Activity: Text in the records must be reproduced exactly, and pictures must be skipped.
◆ ◆ ◆ ◆ ◆
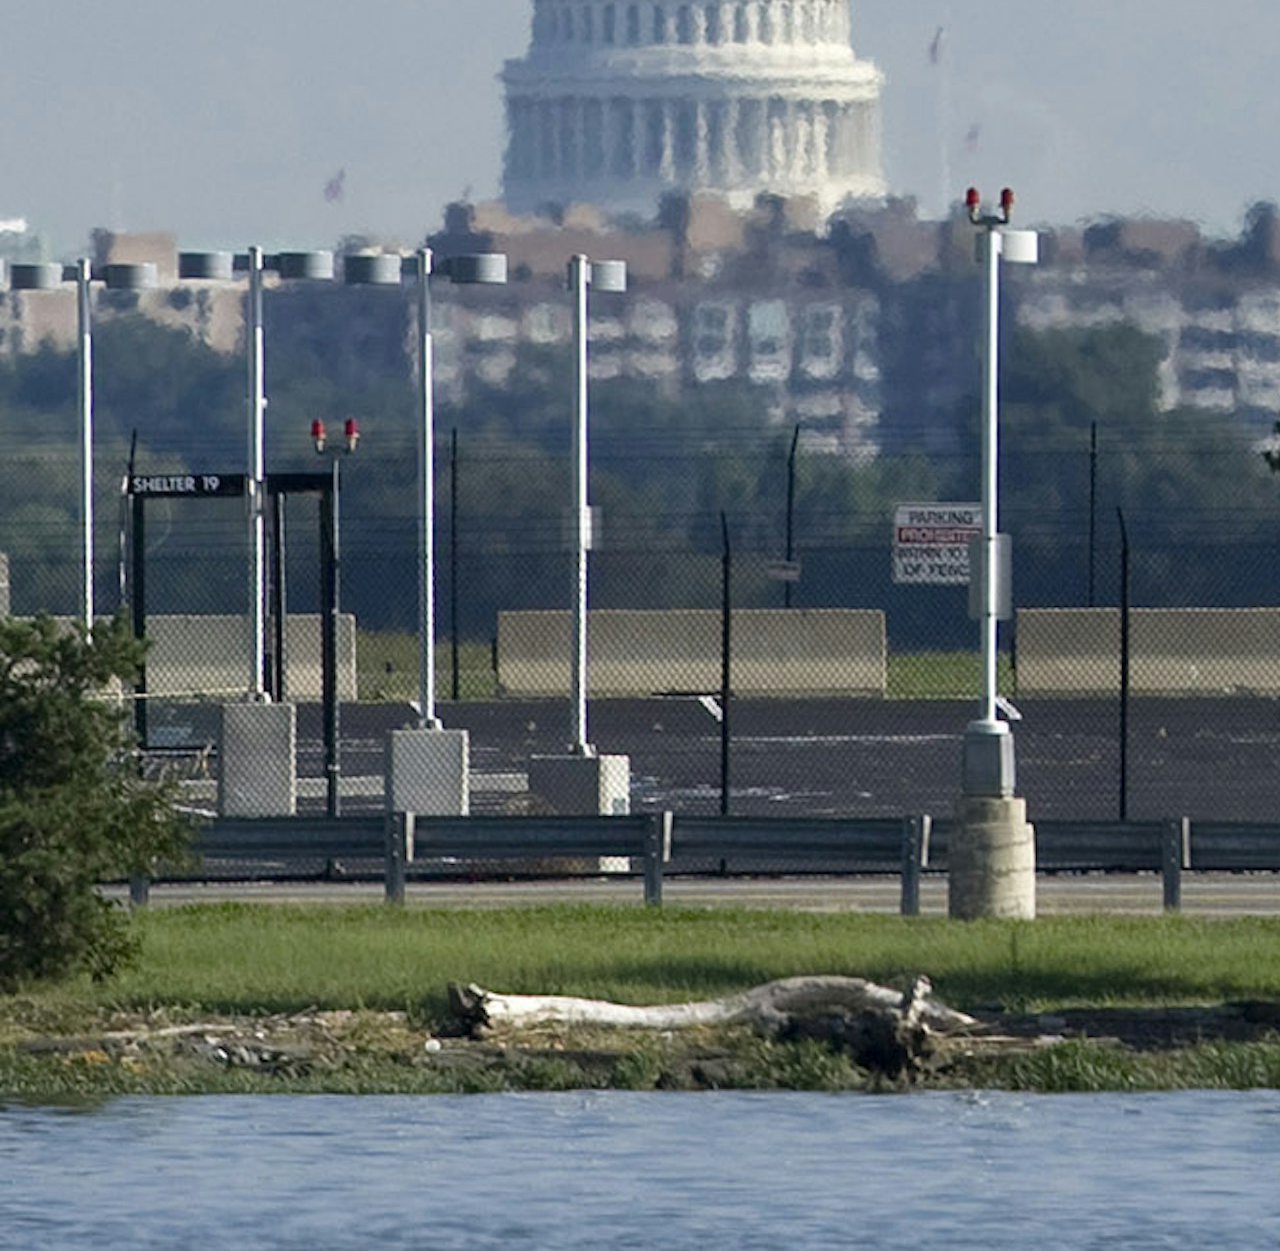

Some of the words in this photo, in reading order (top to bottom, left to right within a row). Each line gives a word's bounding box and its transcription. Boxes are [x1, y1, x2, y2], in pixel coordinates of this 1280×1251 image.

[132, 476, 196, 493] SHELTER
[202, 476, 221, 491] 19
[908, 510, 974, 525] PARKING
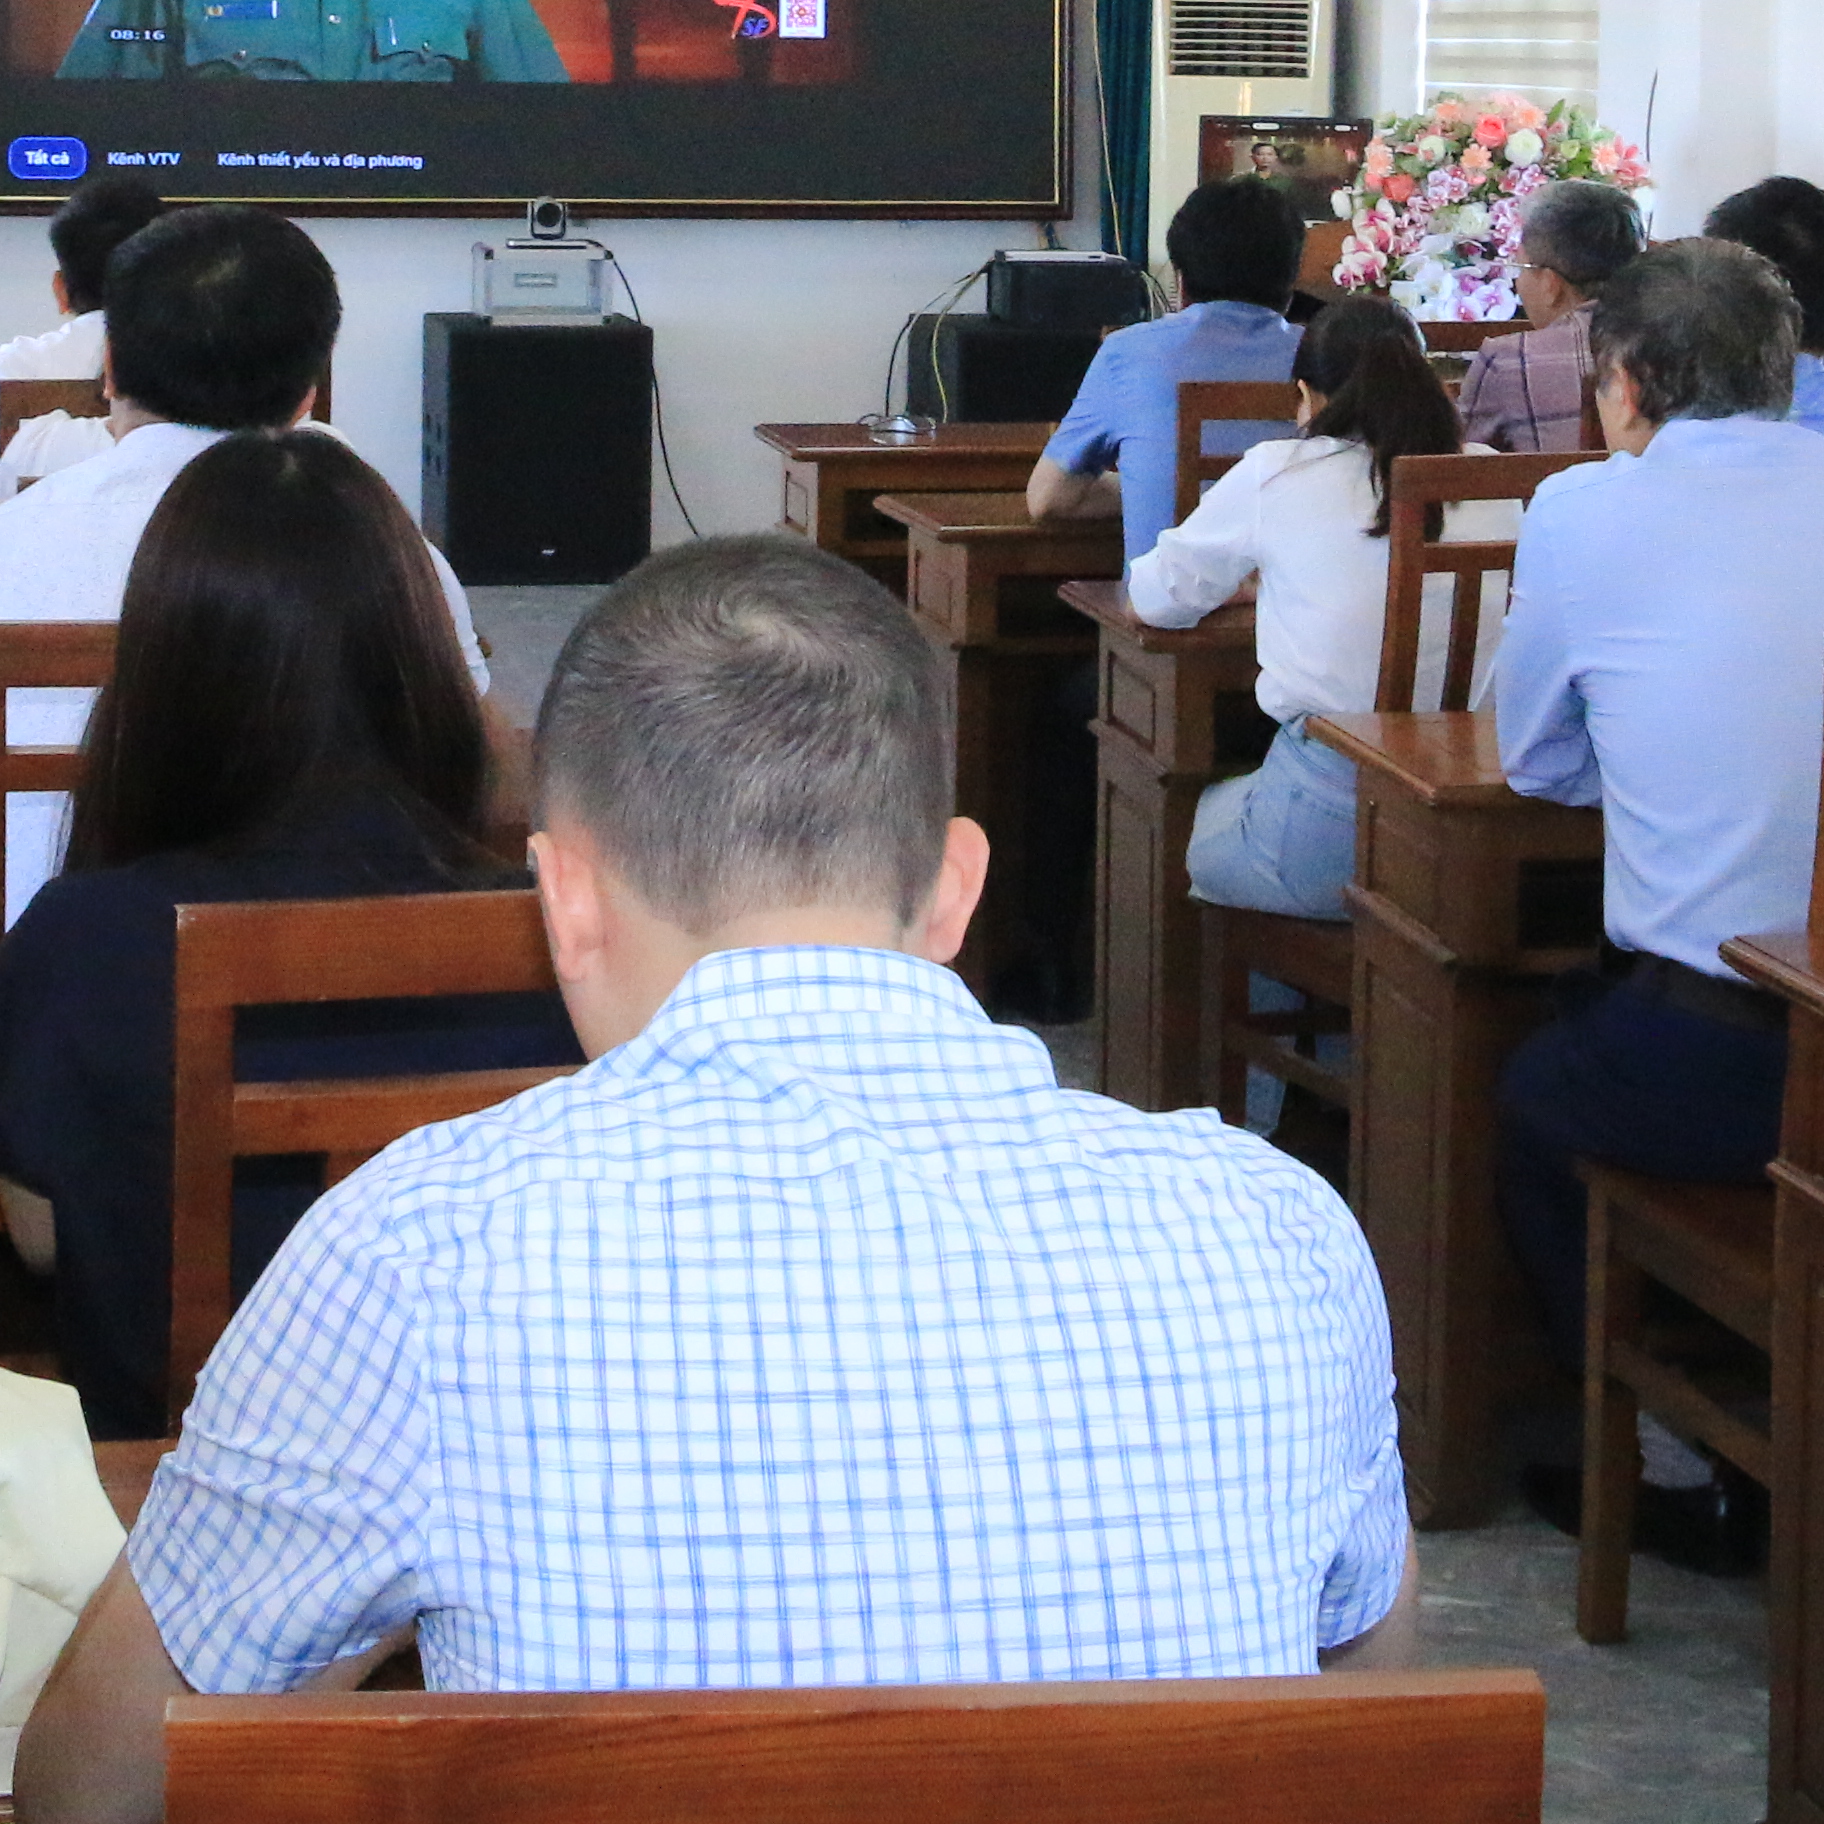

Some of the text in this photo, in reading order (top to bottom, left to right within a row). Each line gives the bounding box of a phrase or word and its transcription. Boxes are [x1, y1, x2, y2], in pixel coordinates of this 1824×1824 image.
◆ ◆ ◆ ◆ ◆
Task response:
Some of the words in this photo, in reading order (top to bottom, left to right within a row). Each line gives a word's bounding box and its transcription. Boxes are [x1, y1, x2, y2], in pixel coordinates of this 1280×1251 image.

[132, 476, 196, 493] SHELTER
[202, 476, 221, 491] 19
[908, 510, 974, 525] PARKING

Some of the text in this photo, in reading order (top to bottom, left to right within a row). Each line gives the bounding box of a phrase or word and its transcription. Boxes are [x1, y1, x2, y2], in pixel coordinates of this 1824×1824 image.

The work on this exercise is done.